In reality, trying on the breakdown under, of the 65M EUR in capital expenditures within the first half of the 12 months, only 32M EUR was classified as sustaining capex whereas about 19M EUR was enchancment capex. This implies that 14M EUR or in extra of 20% of the capex invoice was invested in progress.
And as you may see under, the maintenance + improvement capex has historically been round 100-120M EUR per 12 months apart from 2021.
So even when I’d use final 12 months’s non-growth capex of round 143M EUR (which reached the very best degree ever), the common quarterly non-growth capex can be round 35-36M EUR which isn’t that a lot larger than the entire H1 capex we simply used to calculate the free money circulate.
For this 12 months, Kemira expects to spend 6% of its income on capital expenditures so if the costs stay robust, we’ll possible see a 200M EUR capex invoice of which round 130-150M EUR shall be sustaining + enchancment capex.
Thanks to the robust outcomes and the operative EBITDA of 242M EUR in H1, the corporate is now guiding for an EBITDA improve above the 425M EUR generated final 12 months. Hardly a shock contemplating the H1 operative EBITDA already elevated by nearly 15% in comparison with the primary half of final 12 months.

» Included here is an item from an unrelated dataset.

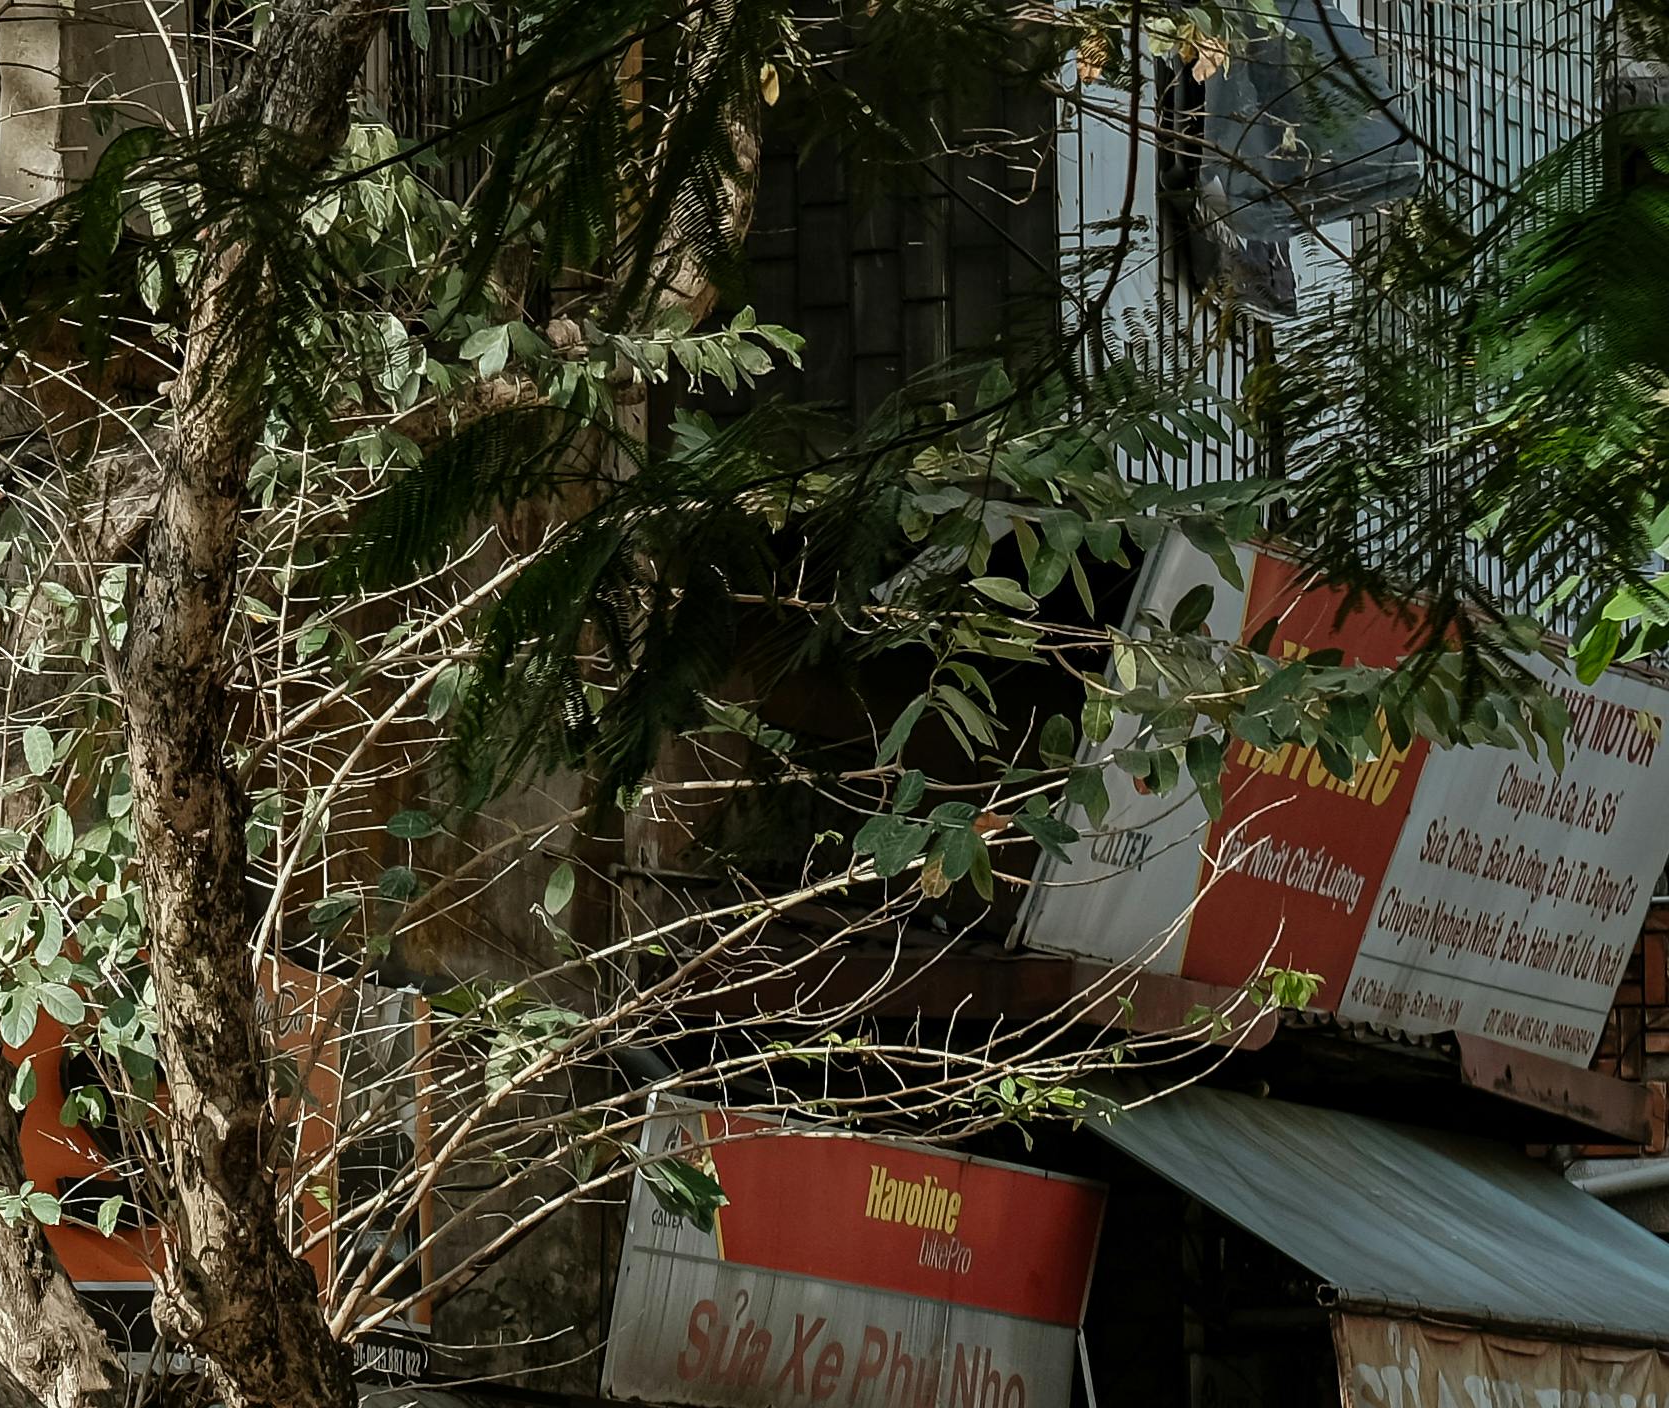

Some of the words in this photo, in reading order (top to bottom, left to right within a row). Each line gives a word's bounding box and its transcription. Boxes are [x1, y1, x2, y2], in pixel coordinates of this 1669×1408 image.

The visibility stays comparatively poor so it’s comprehensible Kemira doesn’t wish to hike its steerage by an excessive amount of however take into accout it now solely wants an operative EBITDA of simply over 183M EUR in H2 2022 to beat the 2021 EBITDA. Meanwhile the H2 2021 operative EBITDA was roughly 213M EUR so even when the H2 efficiency stays flat on a YoY foundation, the full-year operative EBITDA will soar to 455M EUR.
For simplicity sake, let’s use 440M EUR, which might be the midpoint. We know the depreciation bills are about 210M EUR per 12 months whereas the finance prices shall be round 32-35M EUR. This ends in a pre-tax revenue of 195M EUR and a internet revenue of round 0.95 EUR per share (be aware, I count on the corporate to carry out a bit higher in H2 so the 0.95 EUR EPS can be the decrease finish of my expectations).
We additionally know the capex shall be round 200M EUR of which about 150M EUR shall be sustaining capex and enchancment capex. This means the free money circulate consequence will possible are available in at about 50-60M above the web revenue and add about 40 cents per share to finish up with a free money circulate per share of round 1.25-1.35 EUR on a sustaining foundation (so together with sustaining and enchancment capex however excluding progress capex).
And that makes Kemira nonetheless very interesting. At this second the pulp and paper division is boosting the monetary efficiency and that’s tremendous with me: it supplies the money circulate to proceed to put money into progress whereas the water therapy division can discover its second wind.
As of the top of June, Kemira’s stability sheet contained 147M EUR in money and round 1.1B EUR in liabilities. With an EBITDA of round 450M EUR, the debt ratio will nonetheless be simply round 2.5 (and take into accout the corporate has been investing in its working capital place which drains the money place. This additionally means Kemira is buying and selling at nearly 6.6 instances its EBITDA making use of a 450M EUR EBITDA and never taking any internet debt discount by the top of this 12 months into account.
I feel the mix of a double digit sustaining free money circulate yield (10-11%) and the EBITDA a number of of lower than 7 make Kemira a lovely candidate to build up.
I’ve a protracted place in Kemira and though I wasn’t planning on including, maybe I ought to rethink this thought because the share worth has been comparatively resilient.